Rabu, 27 Agustus 2025, adalah sebuah momentum yang penting dituliskan. Hari itu, saya menghadiri pertemuan pertama dengan mahasiswa baru Fakultas Dakwah dan Komunikasi Islam (FDKI) dalam rangka acara pengenalan fakultas. Meskipun kegiatan ini sebenarnya kegiatan rutin di ruang Lab KPI yang sederhana, namun, banyak hal yang luar biasa terkuak.
Ada getaran haru yang datang begitu kuat, dan itu membuat saya merinding. Getaran itu muncul ketika seorang mahasiswa berkebutuhan khusus tampil menyampaikan tafsirannya tentang Cinta Dakwah Cinta. Ia berbicara dalam bahasa isyarat, dan seorang pendamping, Ustadz Arul begitu dia dipanggil, menerjemahkannya dengan penuh cekatan. Pesannya sederhana, tetapi menyentuh: “Cinta itu membawa pesan dan memberi kesan damai.”

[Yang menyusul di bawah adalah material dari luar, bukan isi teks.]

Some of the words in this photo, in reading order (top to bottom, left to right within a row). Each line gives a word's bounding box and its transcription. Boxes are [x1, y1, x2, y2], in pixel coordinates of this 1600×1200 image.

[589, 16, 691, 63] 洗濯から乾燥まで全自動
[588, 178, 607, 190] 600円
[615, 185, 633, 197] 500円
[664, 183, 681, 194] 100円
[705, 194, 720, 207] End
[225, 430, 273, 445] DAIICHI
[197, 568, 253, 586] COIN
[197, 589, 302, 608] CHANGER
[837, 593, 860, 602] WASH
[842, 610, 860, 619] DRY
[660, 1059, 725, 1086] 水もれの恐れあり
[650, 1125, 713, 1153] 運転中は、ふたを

Kata-kata itu terasa begitu dalam. Dari seorang mahasiswa yang mungkin oleh sebagian orang dianggap memiliki keterbatasan, justru lahir keluasan makna yang menaklukkan hati. Saya mengakui bahwa tafsirnya itu bukan hanya indah, tetapi juga mengingatkan bahwa dakwah sejati memang harus berangkat dari cinta yang membawa kedamaian. Justru gagasan Cinta yang diusung oleh Badan Nasional Penanggulangan Terorisme (BNPT) RI, bertitik tolak dari spirit cinta yang damai itu.
Tidak hanya dia, beberapa mahasiswa lain juga turut memberikan komentarnya. Ada yang menekankan pentingnya cinta pada kegiatan dakwah, ada yang melihat cinta dakwah sebagai jalan harmoni. Ada juga harapan besar sekaligus pernyataan kebanggaannya bergabung dengan fakultas yang mengusung semangat cinta dalam dakwah. Respon-respon itu begitu tulus dan penuh energi positif.

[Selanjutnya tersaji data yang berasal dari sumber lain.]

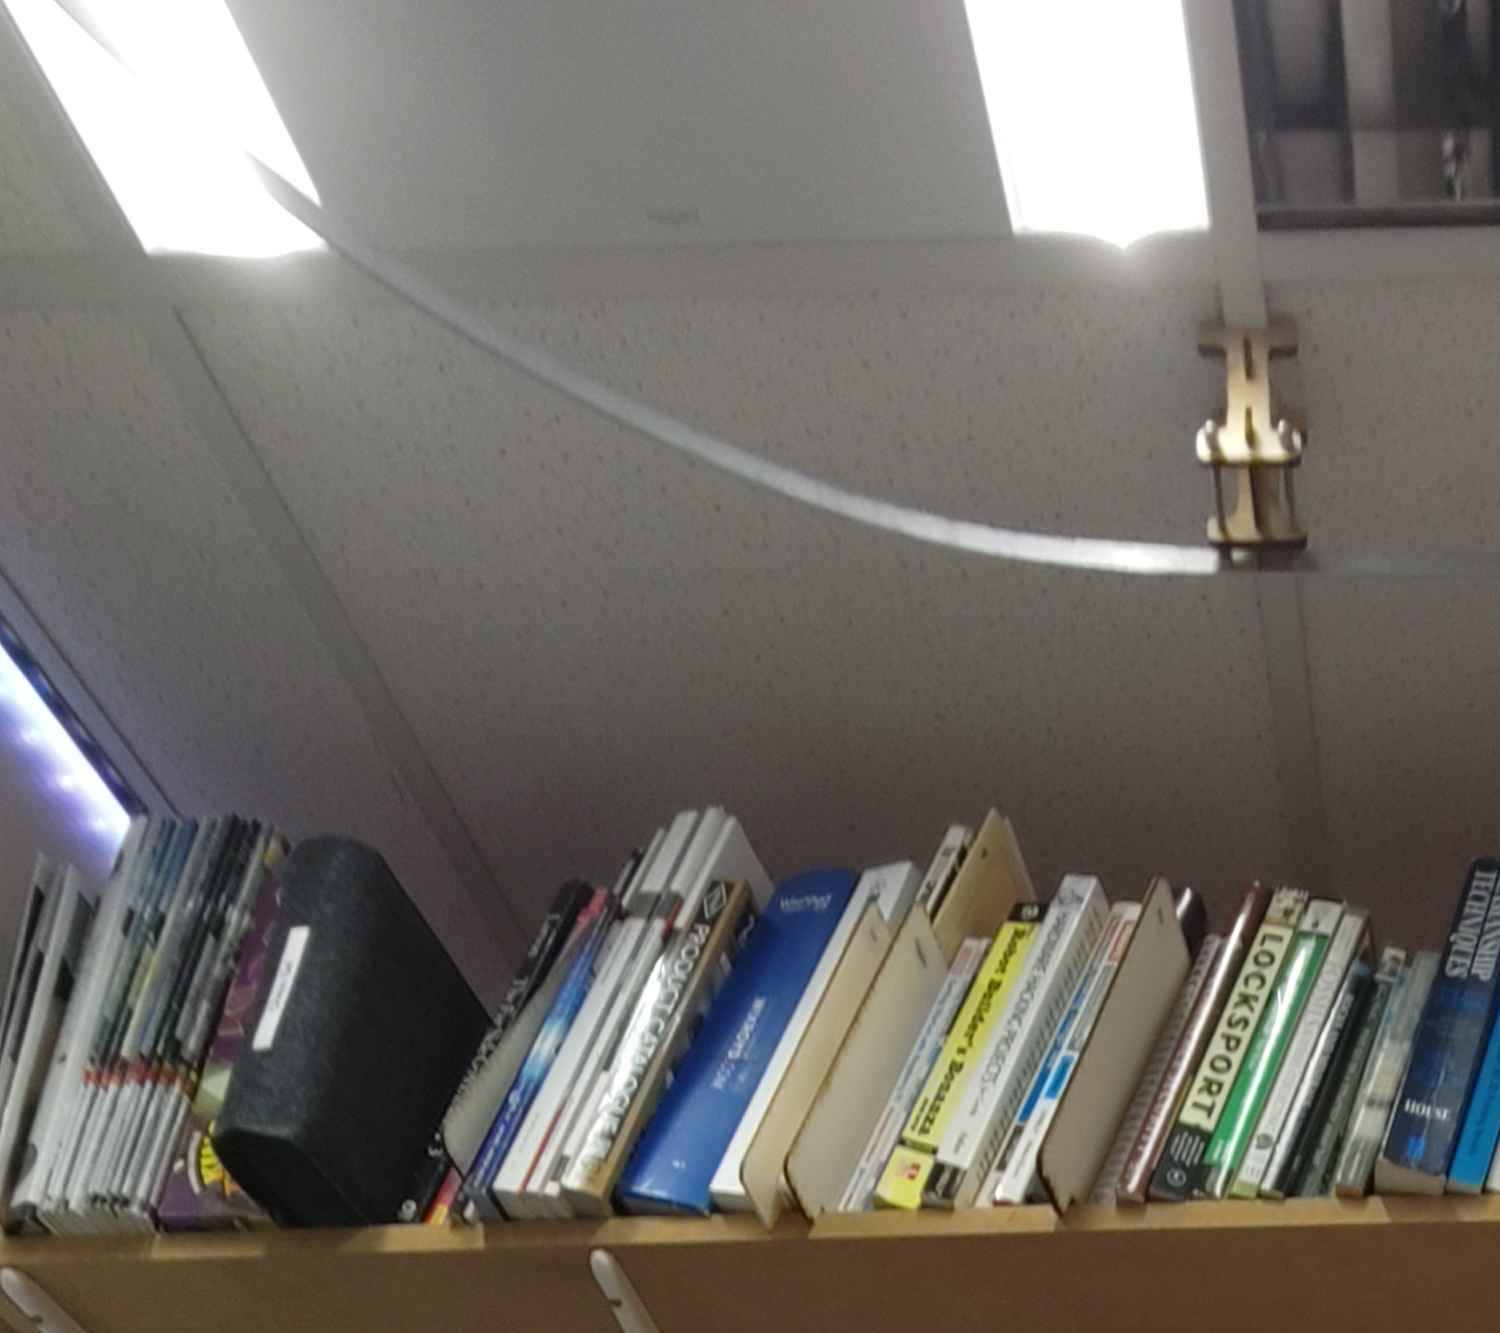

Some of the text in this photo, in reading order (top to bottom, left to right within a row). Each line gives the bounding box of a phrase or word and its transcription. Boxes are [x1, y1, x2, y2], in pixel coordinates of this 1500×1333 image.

[1445, 868, 1498, 981] TECHNIQUES
[1185, 929, 1287, 1117] LOCKSPORT
[912, 1057, 966, 1138] Bonanza

Namun, pengalaman itu sejatinya sudah dialami sejak awal acara. Kepala Bagian Tata Usaha, Ibu Suyati, dengan penuh ketelatenan menyiapkan panggung sederhana yang sarat makna. Bunga-bunga plastik yang ditata rapi, balon berwarna pink yang menghiasi dinding, semuanya menghadirkan suasana hangat. Itu bukan sekadar dekorasi, melainkan sebuah terjemahan visual tentang apa itu cinta: sederhana, tetapi memberi kesan mendalam.

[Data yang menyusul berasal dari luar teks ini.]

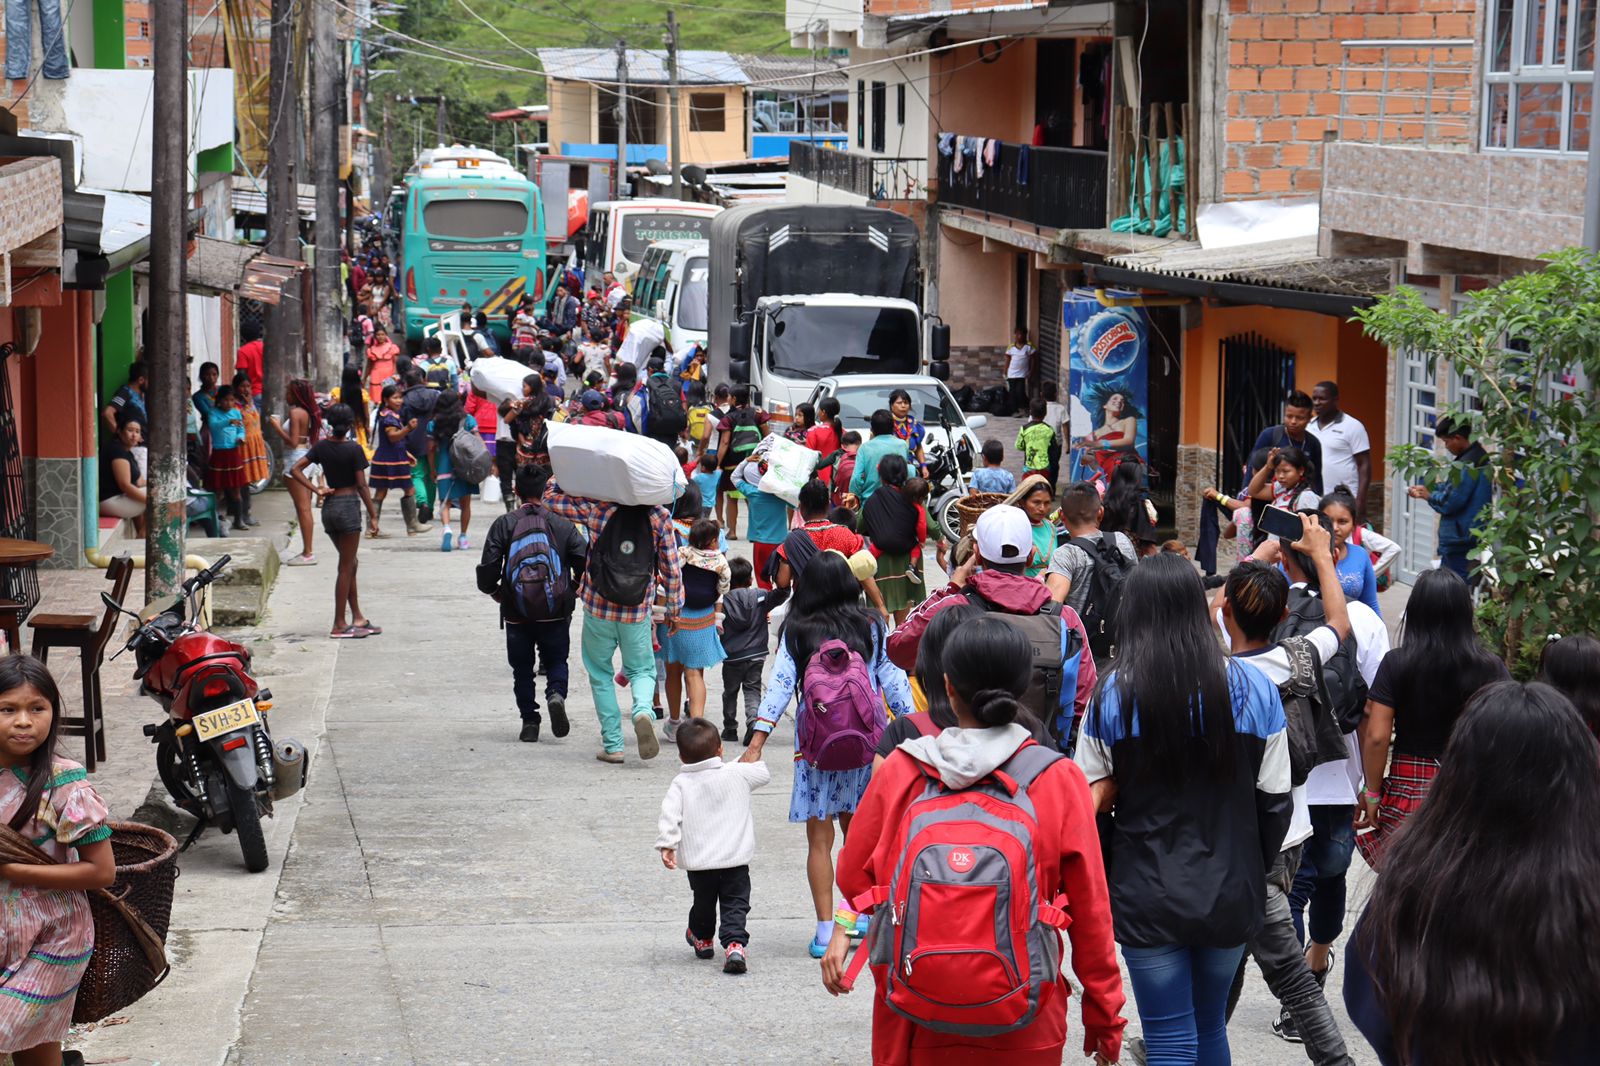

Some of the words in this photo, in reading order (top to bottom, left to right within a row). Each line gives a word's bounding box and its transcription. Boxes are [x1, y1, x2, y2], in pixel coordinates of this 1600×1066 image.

Begitu juga dengan Wakil Dekan III, Pak Yapandi, merangkai pesan cinta dalam bentuk slogan: “Bersama kita bisa, bersama kita sukses, bersama kita bahagia. Dakwah dengan cinta, komunikasi dengan akhlak mulia.” Kalimat itu bukan hanya retorika, melainkan arah sekaligus kompas. Bahwa dakwah bukan sekadar tugas individual, melainkan kerja kolektif yang digerakkan oleh cinta dan akhlak mulia. Wakil Dekan I Pak Udi Yuliarto dan Wakil Dekan II Pak Ahmad Jaiz juga memberikan pemaknaan dan penegasan khusus pada gagasan ini.
Hari itu saya benar-benar merasakan bahwa Cinta Dakwah Cinta bukan sekadar konsep atau program kerja fakultas, tetapi telah menjadi gerakan. Gerakan yang lahir dari hati, diterjemahkan dalam simbol, dirangkai dalam kata, dan dirasakan dalam kebersamaan. Dari mahasiswa hingga pimpinan, dari panggung hingga ruang rapat, semuanya bergerak dalam tarikan napas yang sama: membangun dakwah dengan cinta.
Pengalaman ini menjadi pertanda baik bagi perjalanan Fakultas Dakwah dan Komunikasi Islam (FDKI) ke depan. Bahwa cinta dapat menjadi fondasi dakwah yang menyejukkan, ramah, dan relevan dengan zaman. Bahwa cinta dapat menyatukan yang berbeda, memperkuat yang lemah, dan menumbuhkan harapan baru. Dan saya bersyukur menjadi saksi awal dari getaran itu. (Dekan FDKI, IAIN Pontianak).